→ **DIRECTIONS**
Once the line with "Some of the text" is found, write it out along with each later line exactly, through the end of the entries, skipping every picture.

Source records
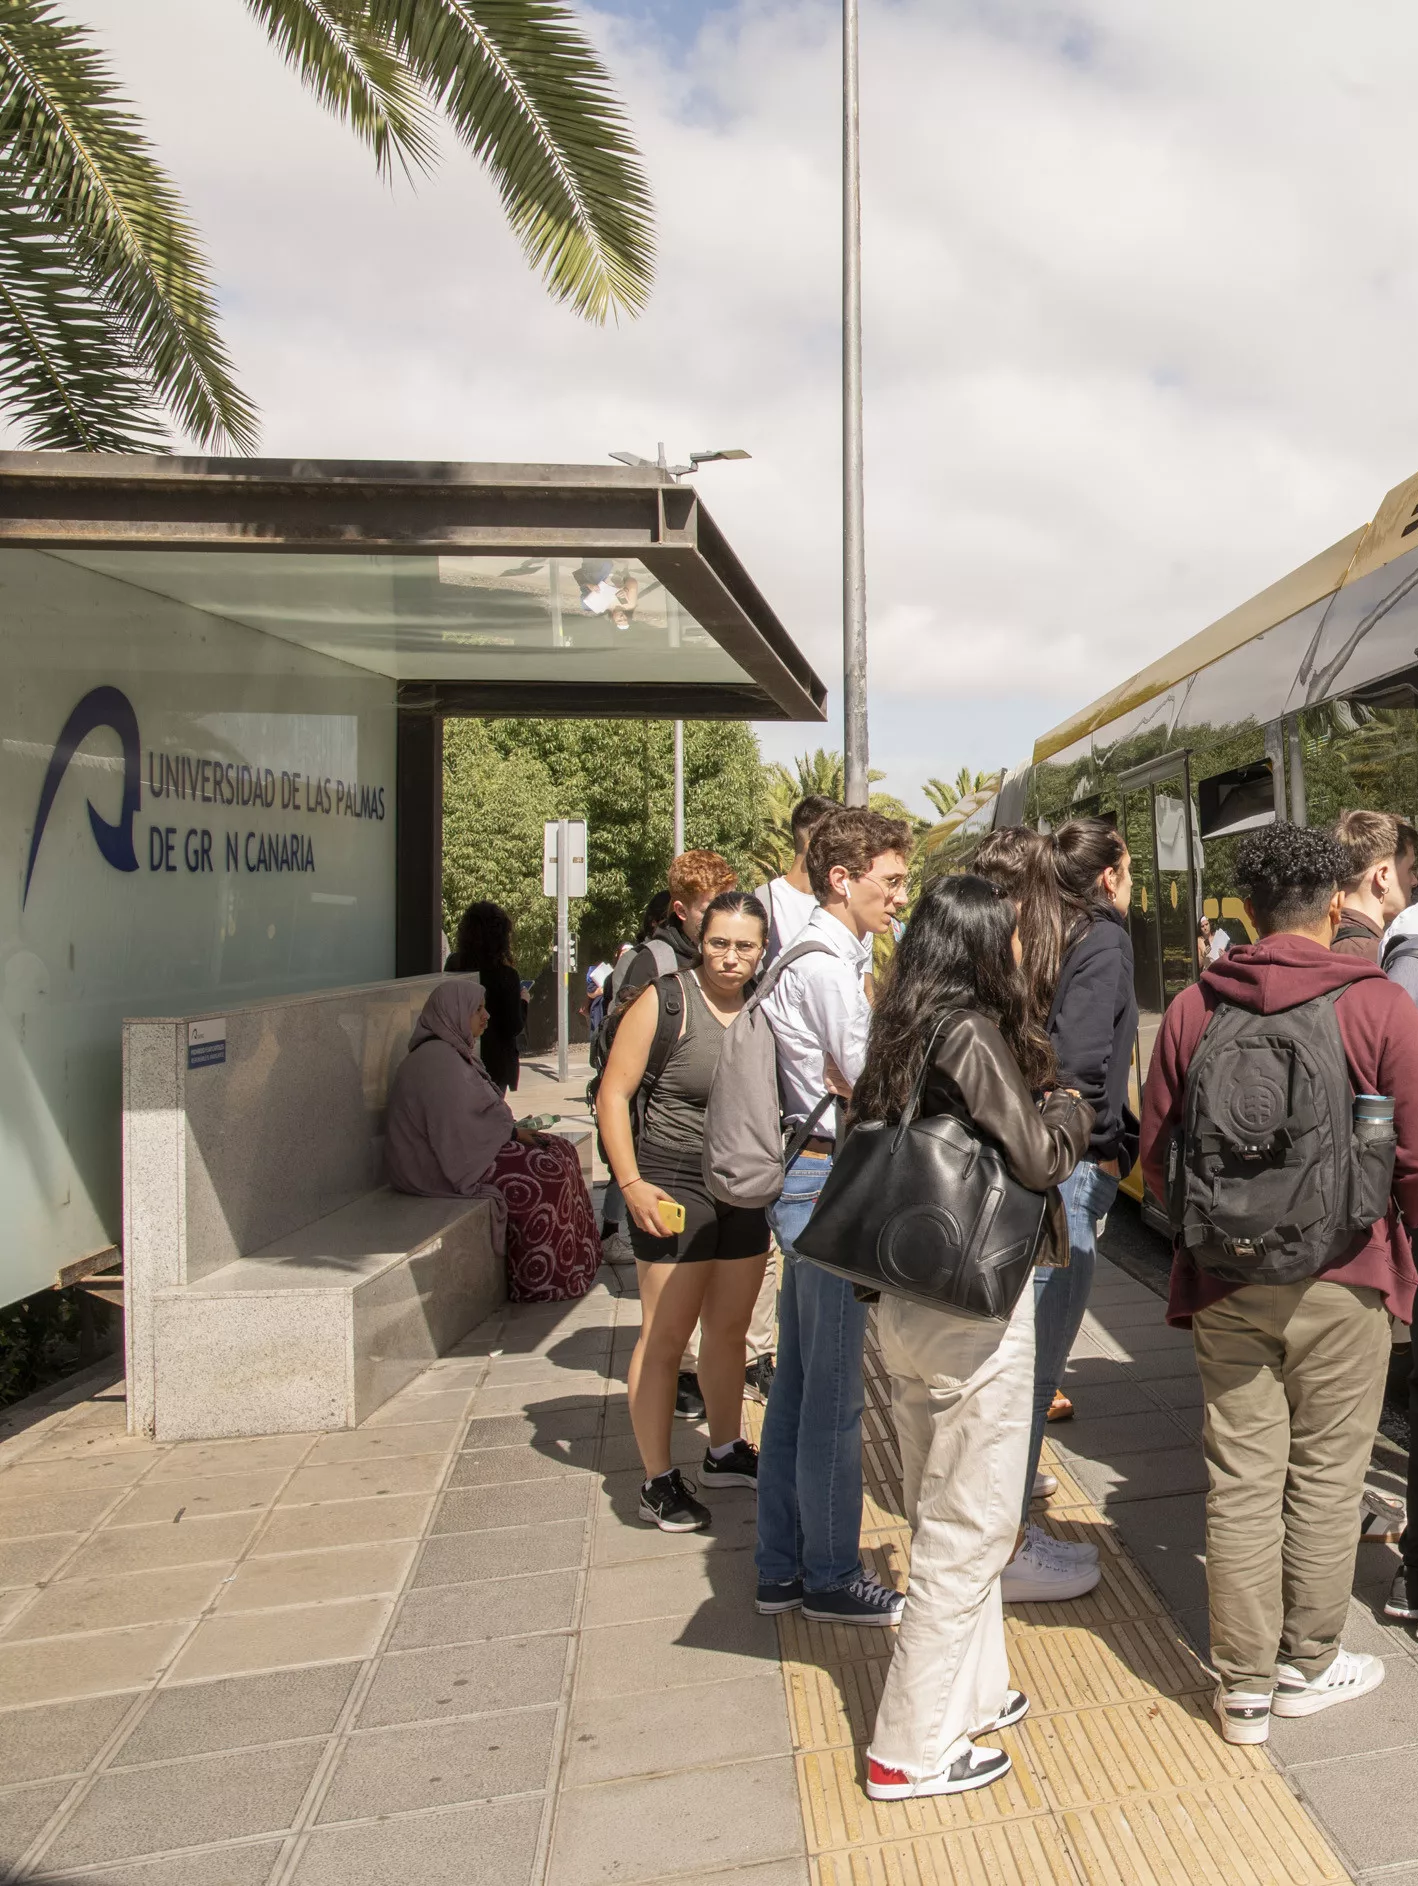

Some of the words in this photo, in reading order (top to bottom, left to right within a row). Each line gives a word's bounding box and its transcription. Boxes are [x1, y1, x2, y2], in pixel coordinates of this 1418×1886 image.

[149, 751, 275, 809] UNIVERSIDAD
[281, 772, 302, 811] DE
[306, 775, 332, 816] LAS
[336, 780, 386, 821] PALMAS
[150, 827, 176, 872] DE
[245, 831, 315, 873] CANARIA
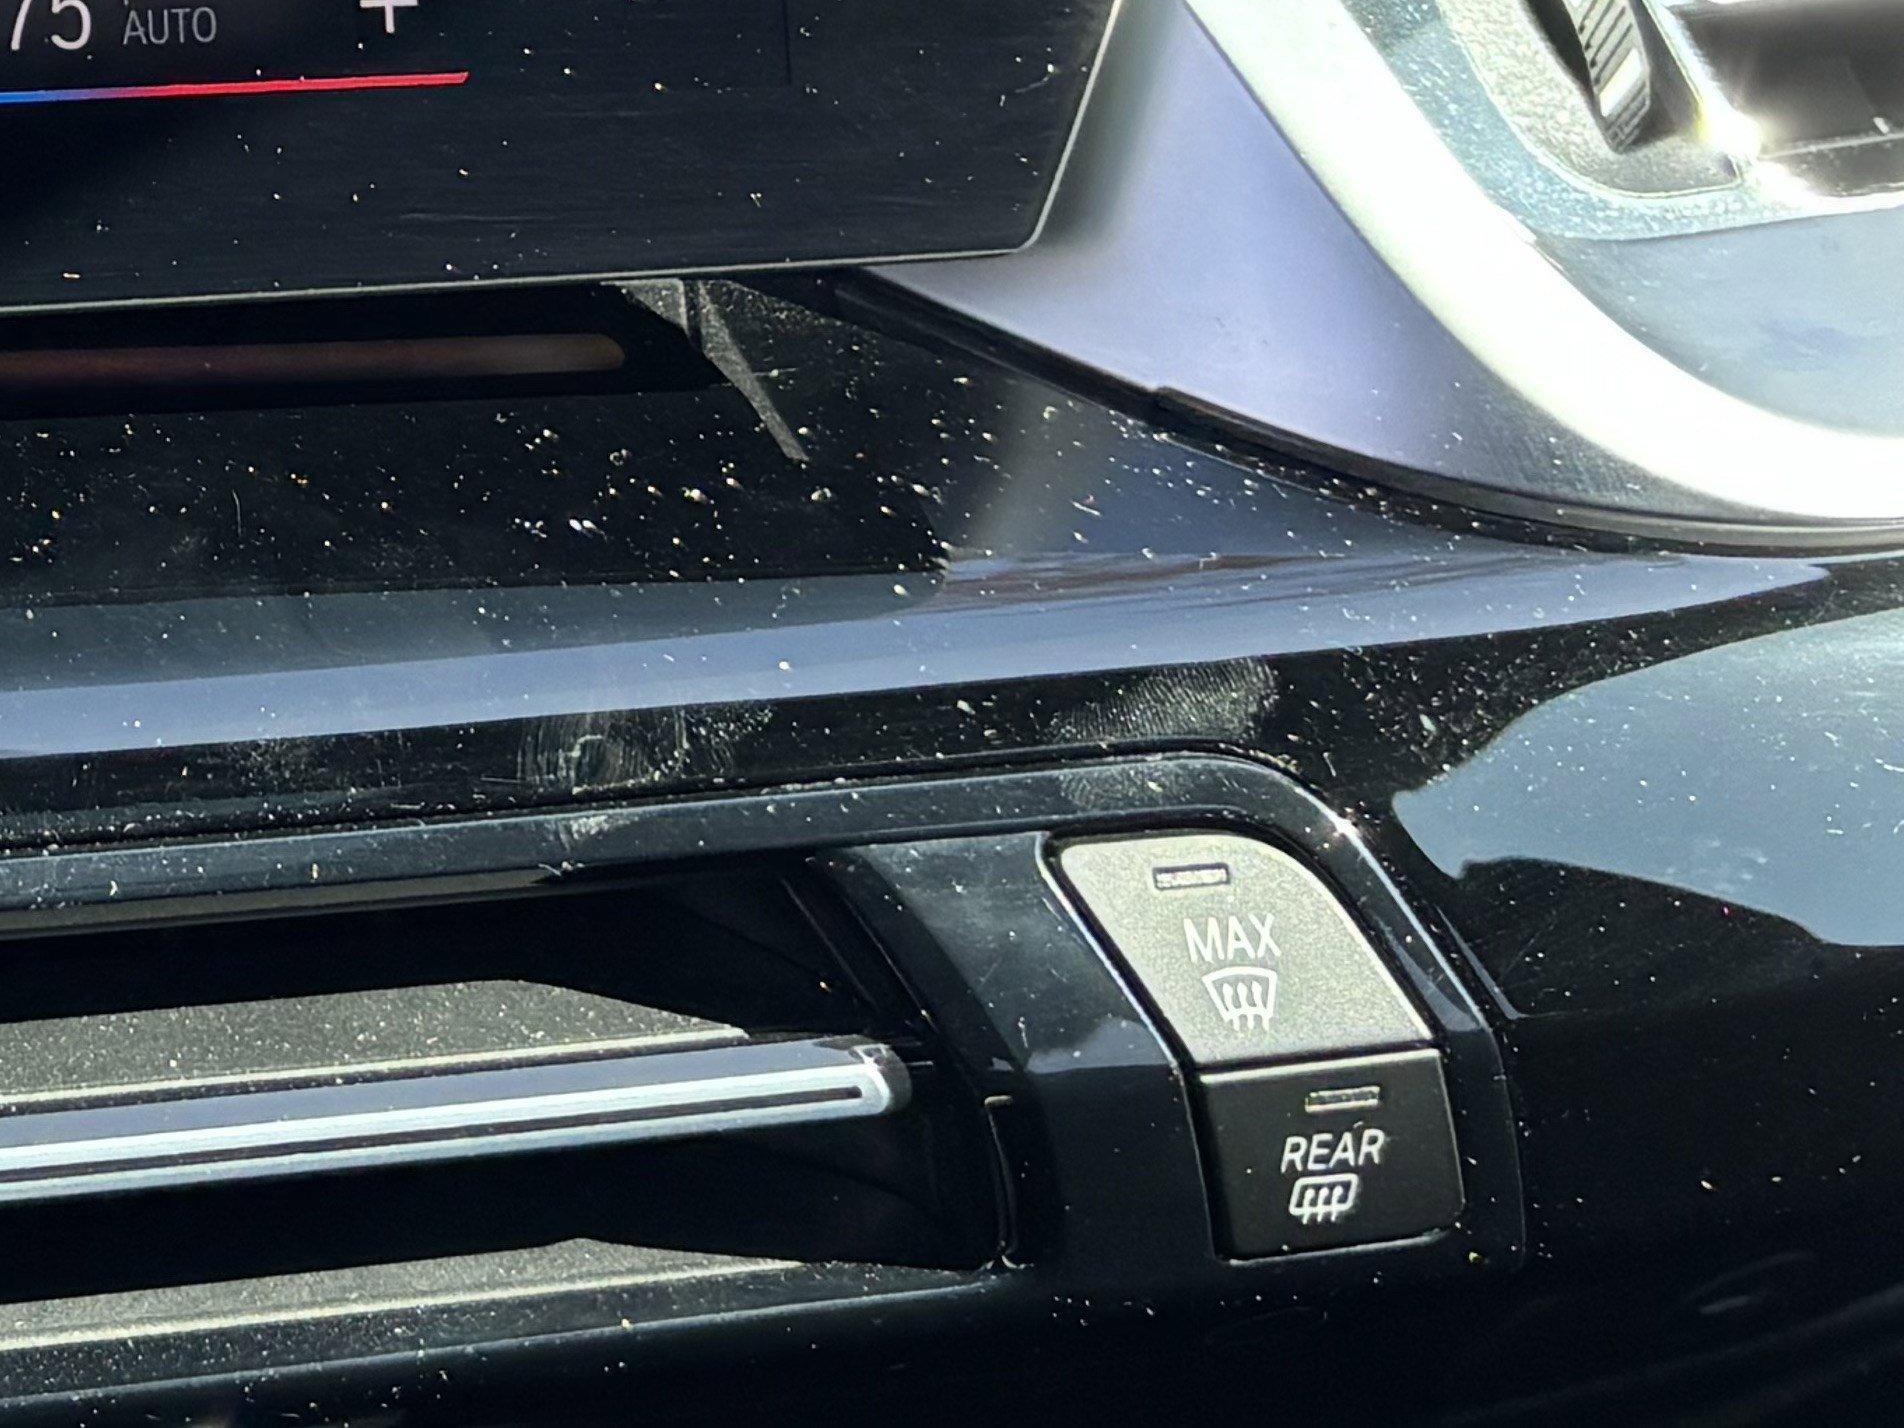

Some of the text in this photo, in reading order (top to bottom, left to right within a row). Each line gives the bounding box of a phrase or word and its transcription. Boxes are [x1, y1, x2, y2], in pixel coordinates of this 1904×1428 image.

[121, 6, 218, 46] AUTO
[1182, 912, 1282, 965] MAX
[1280, 1127, 1387, 1174] REAR
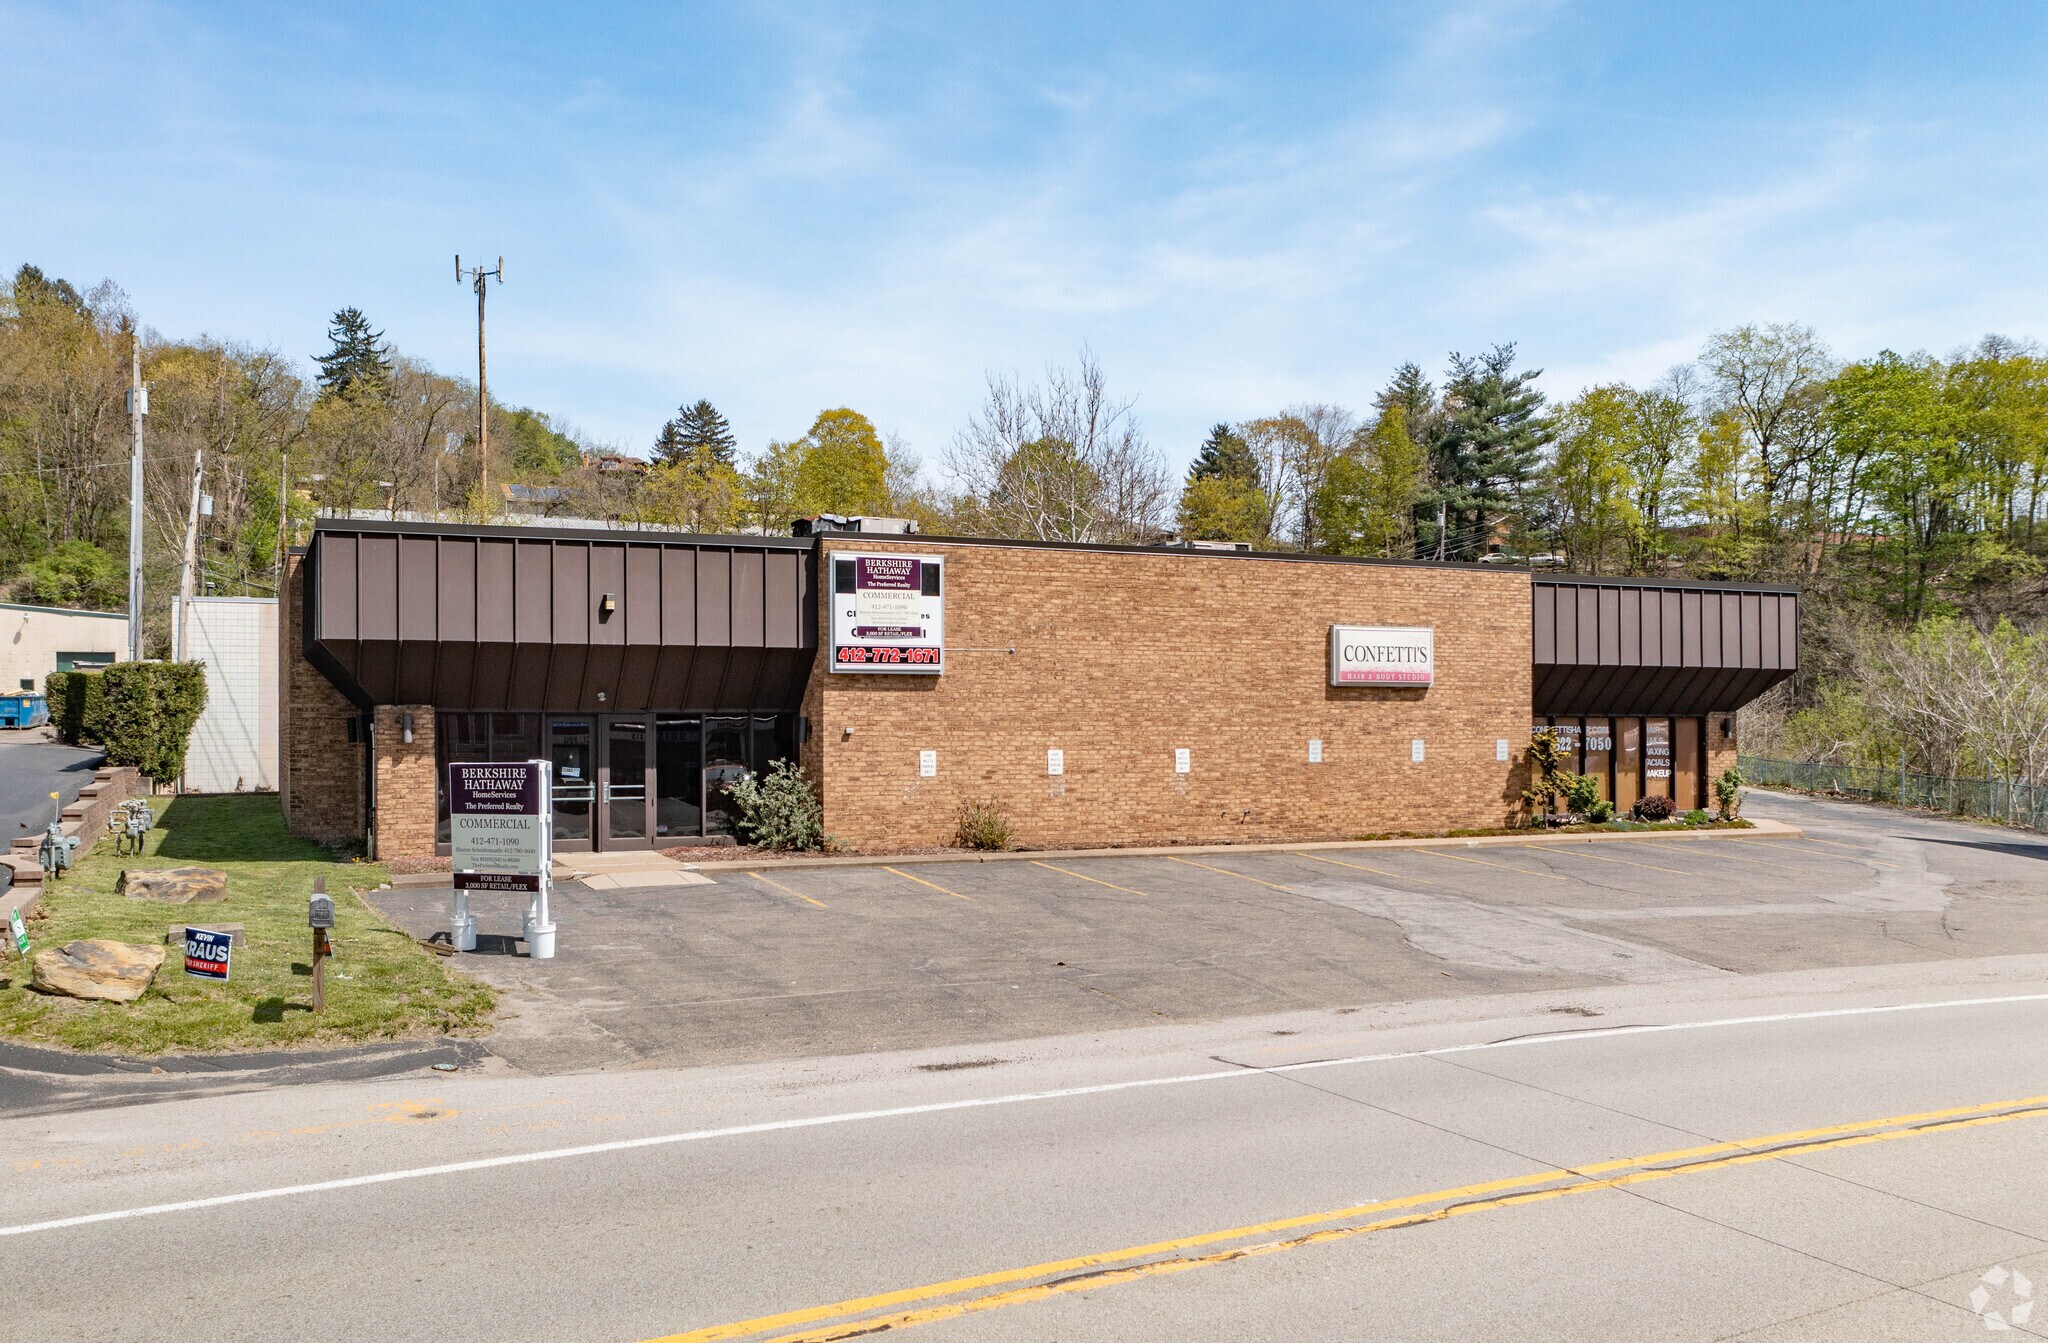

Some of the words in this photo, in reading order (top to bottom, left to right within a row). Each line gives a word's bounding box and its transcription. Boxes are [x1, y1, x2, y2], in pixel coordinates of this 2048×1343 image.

[865, 559, 913, 568] BERKSHIRE
[866, 566, 911, 575] HATHAWAY
[862, 592, 915, 600] COMMERCIAL
[838, 647, 939, 663] 412-772-1671
[1344, 645, 1428, 663] CONFETTI'S
[1347, 672, 1365, 680] HAIR
[1398, 673, 1425, 681] STUDIO
[461, 767, 527, 779] BERKSHIRE
[464, 779, 525, 790] HATHAWAY
[472, 790, 517, 799] HomeServices
[465, 802, 477, 810] The
[477, 802, 505, 810] Preferred
[505, 803, 524, 811] Realty
[459, 818, 531, 830] COMMERCIAL
[470, 837, 520, 846] 412-471-1090
[464, 882, 480, 890] 3,000
[489, 883, 528, 891] RETAIL/FLEX
[195, 933, 214, 942] KEVIN
[192, 960, 218, 970] SHERIFF

→ **FINAL ANSWER**
Some of the text in this photo, in reading order (top to bottom, left to right within a row). Each line gives the bounding box of a phrase or word and its transcription. Boxes are [x1, y1, x2, y2], in pixel coordinates of this 1904×1428 image.

[121, 6, 218, 46] AUTO
[1182, 912, 1282, 965] MAX
[1280, 1127, 1387, 1174] REAR

Some of the words in this photo, in reading order (top to bottom, left to right within a row). Each line gives a word's bounding box and its transcription. Boxes are [x1, y1, x2, y2], in pixel coordinates of this 2048×1343 image.

[865, 559, 913, 568] BERKSHIRE
[866, 566, 911, 575] HATHAWAY
[862, 592, 915, 600] COMMERCIAL
[838, 647, 939, 663] 412-772-1671
[1344, 645, 1428, 663] CONFETTI'S
[1347, 672, 1365, 680] HAIR
[1398, 673, 1425, 681] STUDIO
[461, 767, 527, 779] BERKSHIRE
[464, 779, 525, 790] HATHAWAY
[472, 790, 517, 799] HomeServices
[465, 802, 477, 810] The
[477, 802, 505, 810] Preferred
[505, 803, 524, 811] Realty
[459, 818, 531, 830] COMMERCIAL
[470, 837, 520, 846] 412-471-1090
[464, 882, 480, 890] 3,000
[489, 883, 528, 891] RETAIL/FLEX
[195, 933, 214, 942] KEVIN
[192, 960, 218, 970] SHERIFF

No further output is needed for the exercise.